At the end of circle time the children found their shoes in the shoe bin and did their best to put them on or to find someone to help. Many of the shoes had laces and were not slip-ons. I remember thinking this was too complicated for three- and four-year-olds.

One little girl who had found her shoes headed straight across the room to “Alice.” She lifted her shoes up to Alice and waved them near her.

At first Alice did not respond, but the more determined the little girl was, beginning to climb onto her lap, the more Alice began to take in the room. Then – without missing a beat – she helped the little girl up onto her lap, began to pull the little shoes on to her feet and tied the laces up snugly.

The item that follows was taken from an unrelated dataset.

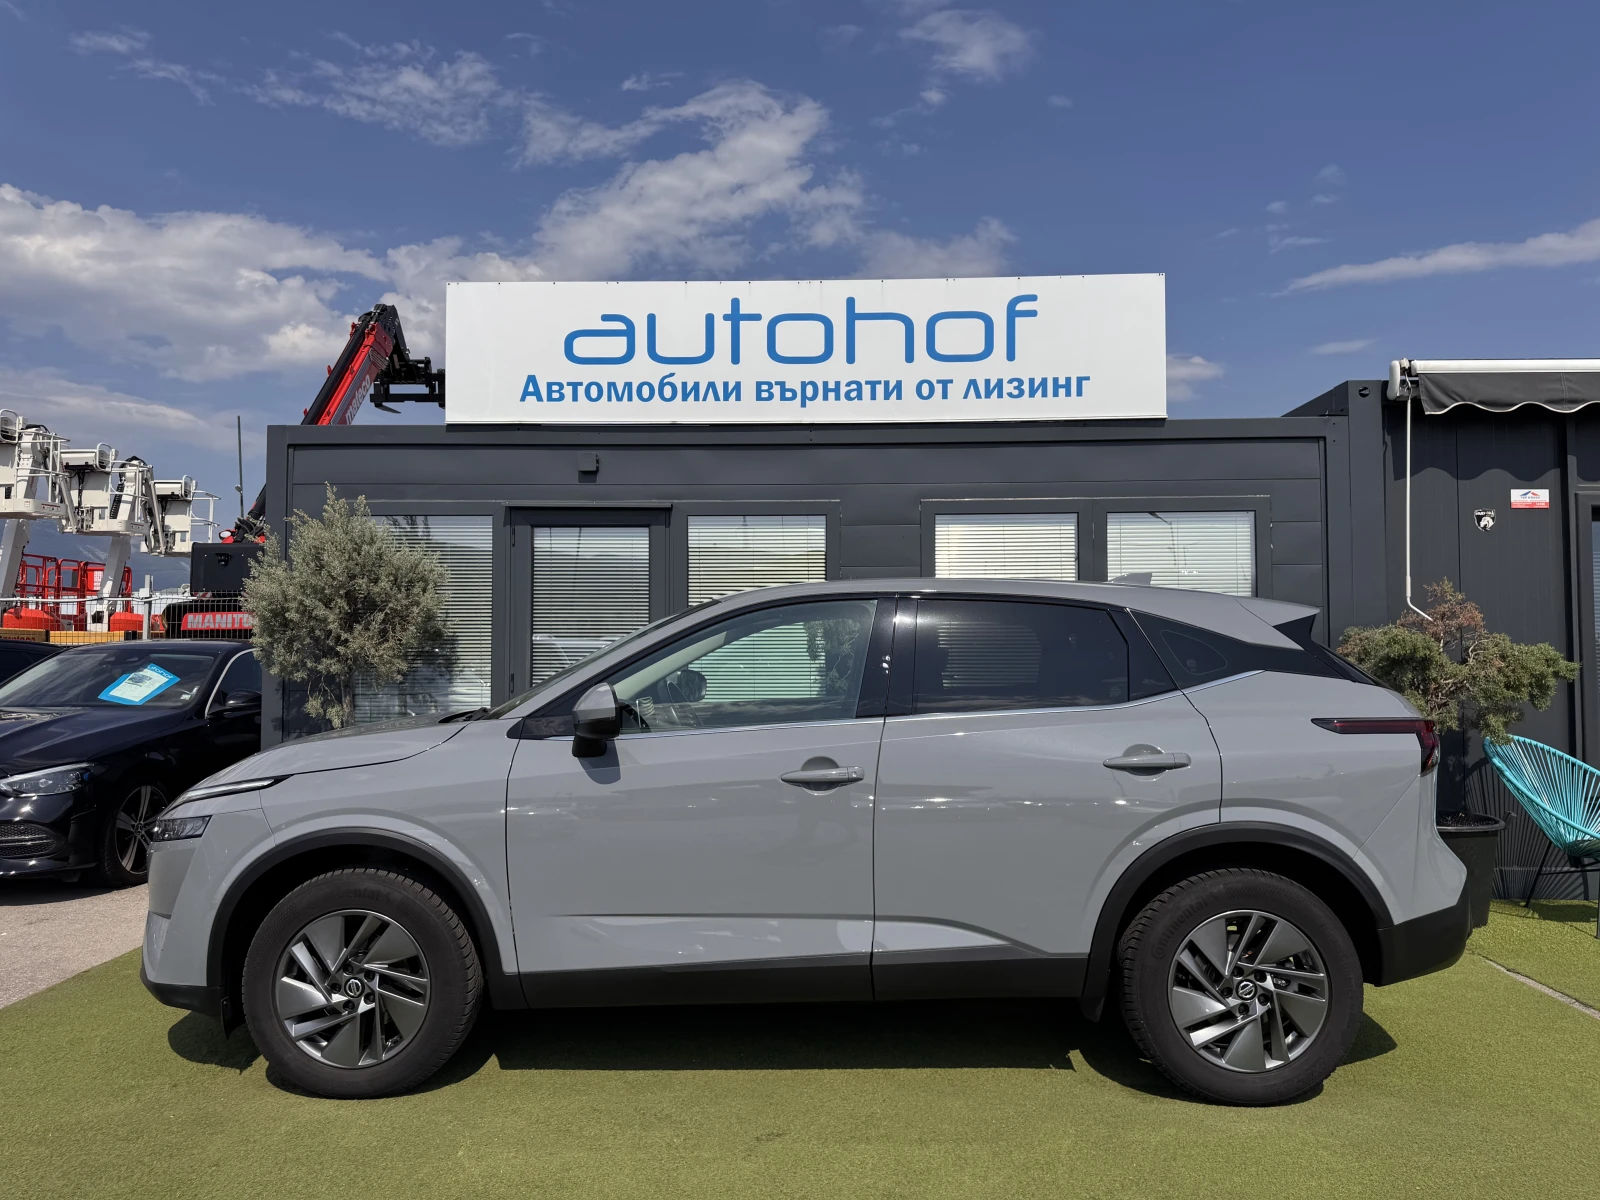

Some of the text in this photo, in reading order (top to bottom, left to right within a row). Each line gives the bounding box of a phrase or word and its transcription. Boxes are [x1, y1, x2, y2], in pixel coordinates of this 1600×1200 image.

As she was tying the laces she stopped and looked up as if she’d just seen something. And then, feeling the laces in her hands and the weight of the little one on her lap, her face now animated, she spoke the only words I’d heard from her that week: “I think…” she said. “I think I used to have children once.”

She kept on tying, smiling and nodding. And for a few moments, after the girl had hopped off her lap, she looked out across the room smiling. I could see she must have been with them in her mind then, her little ones with shoe laces that needed tying, dirty faces that needed wiping, hungry tummies that needed feeding, all shouts and giggles and busy. For those few moments, she was with her children again.

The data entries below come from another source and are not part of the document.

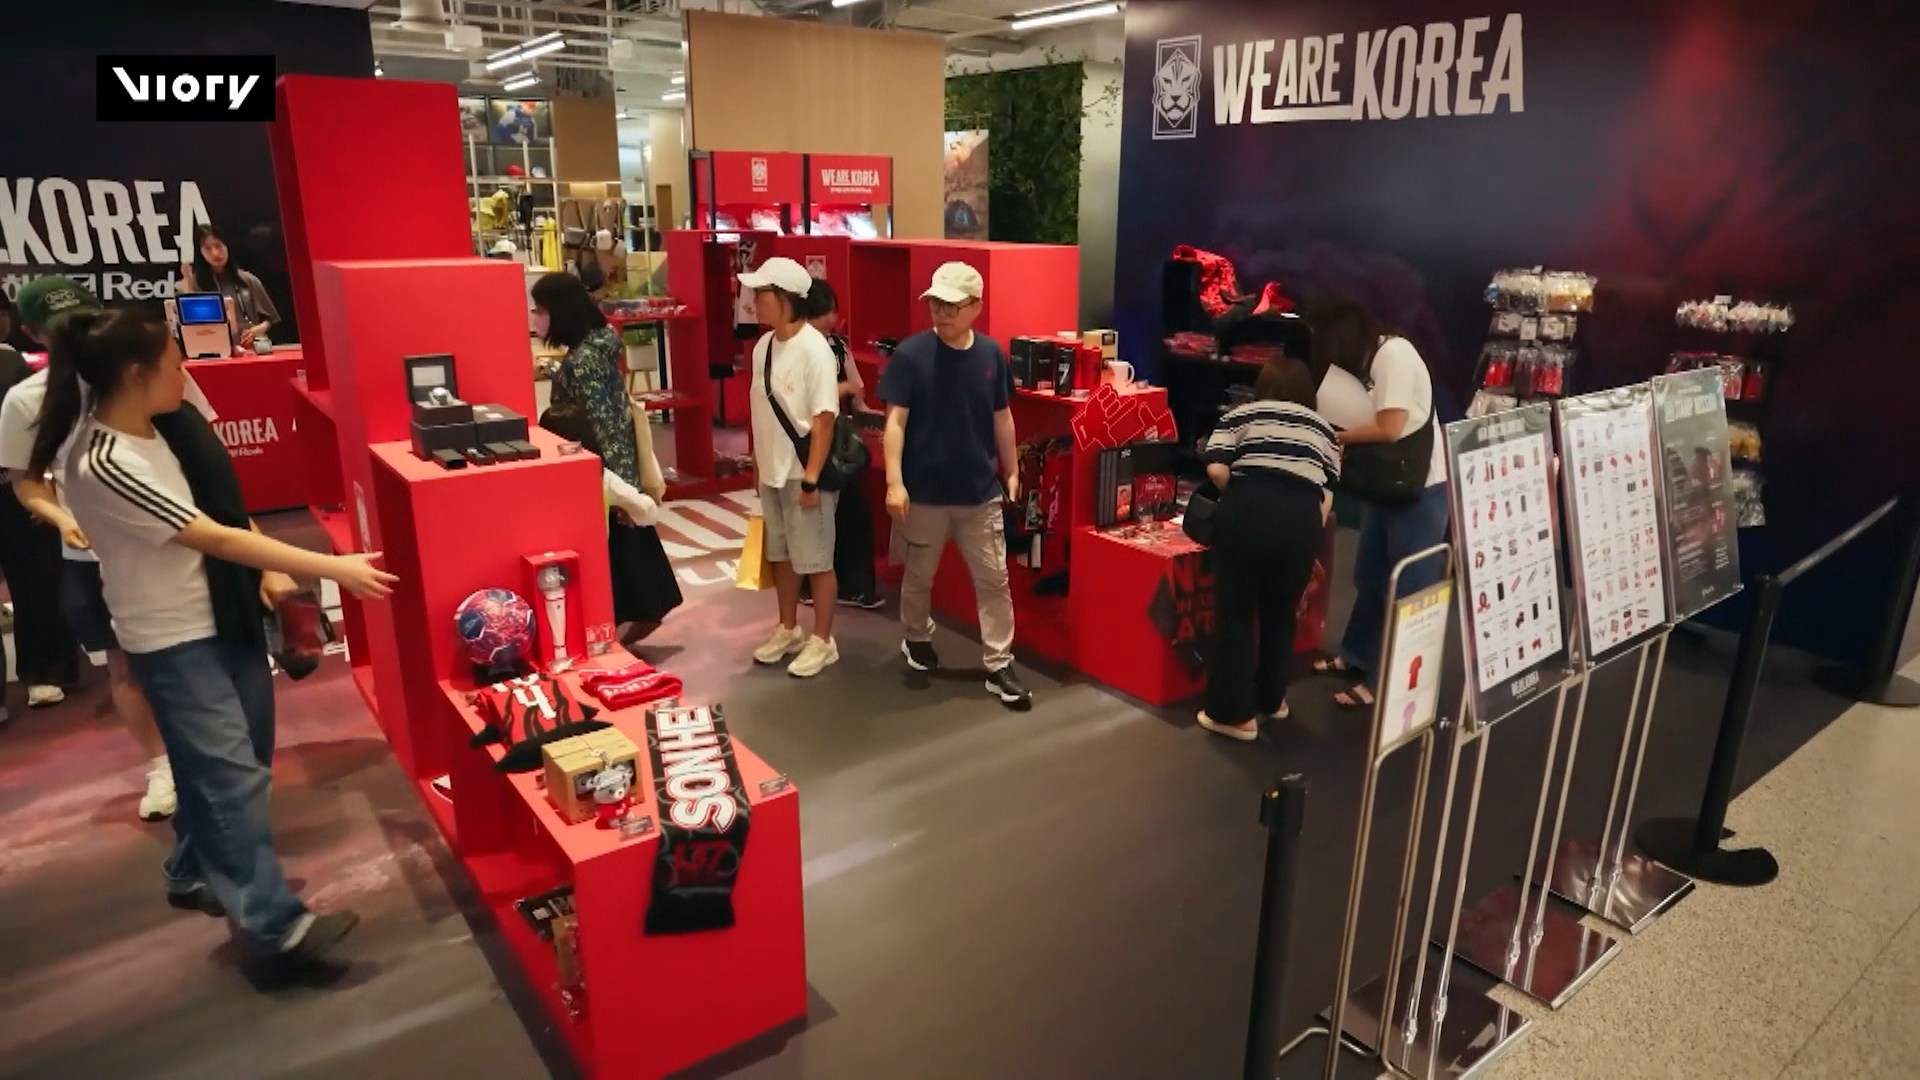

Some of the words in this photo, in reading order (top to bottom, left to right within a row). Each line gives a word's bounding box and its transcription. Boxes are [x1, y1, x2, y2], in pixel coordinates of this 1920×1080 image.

[1213, 39, 1276, 125] WE
[1274, 33, 1344, 106] ARE
[1351, 13, 1525, 121] KOREA
[0, 176, 212, 265] KOREA
[655, 704, 737, 834] SONHE

I always remembered this inspiring scene I’d witnessed in Ohio, and so, together with my staff team, I am excited about moving forward to create opportunities for children, youth, families and seniors to build meaningful connections. Should we receive the financial support from the federal government’s New Horizon’s for Seniors Program, we expect to launch Powell River’s first Intergenerational Summer Academy for 9 – 12 year olds this year!

Renowned geriatric medicine activist Dr. Bill Thomas has identified the three plagues of aging as boredom, loneliness, and helplessness. Intergenerational specialist Dr. Vicki Rosebrook identifies three parallel or reciprocal needs in children: exploration, interaction and guidance.

The premise of the programs at the Macklin Institute is to counter balance the plagues of aging with the basic developmental needs of children: boredom in the aging is balanced by the children’s enthusiastic exploration of the world in shared activities and adventures; loneliness is countered by children’s need for interaction and connection; and helplessness is offset when participants find meaning in the guidance, mentorship and help they are able to contribute in the programs. A 2011 study found that children in intergenerational programs have personal and social skills that were enhanced by 11 months compared to children in non-intergenerational programs. Intergenerational programs prepare children for life and leave them with confidence and a deeper sense of connection.

Sometimes it’s as simple as tying a pair of shoes.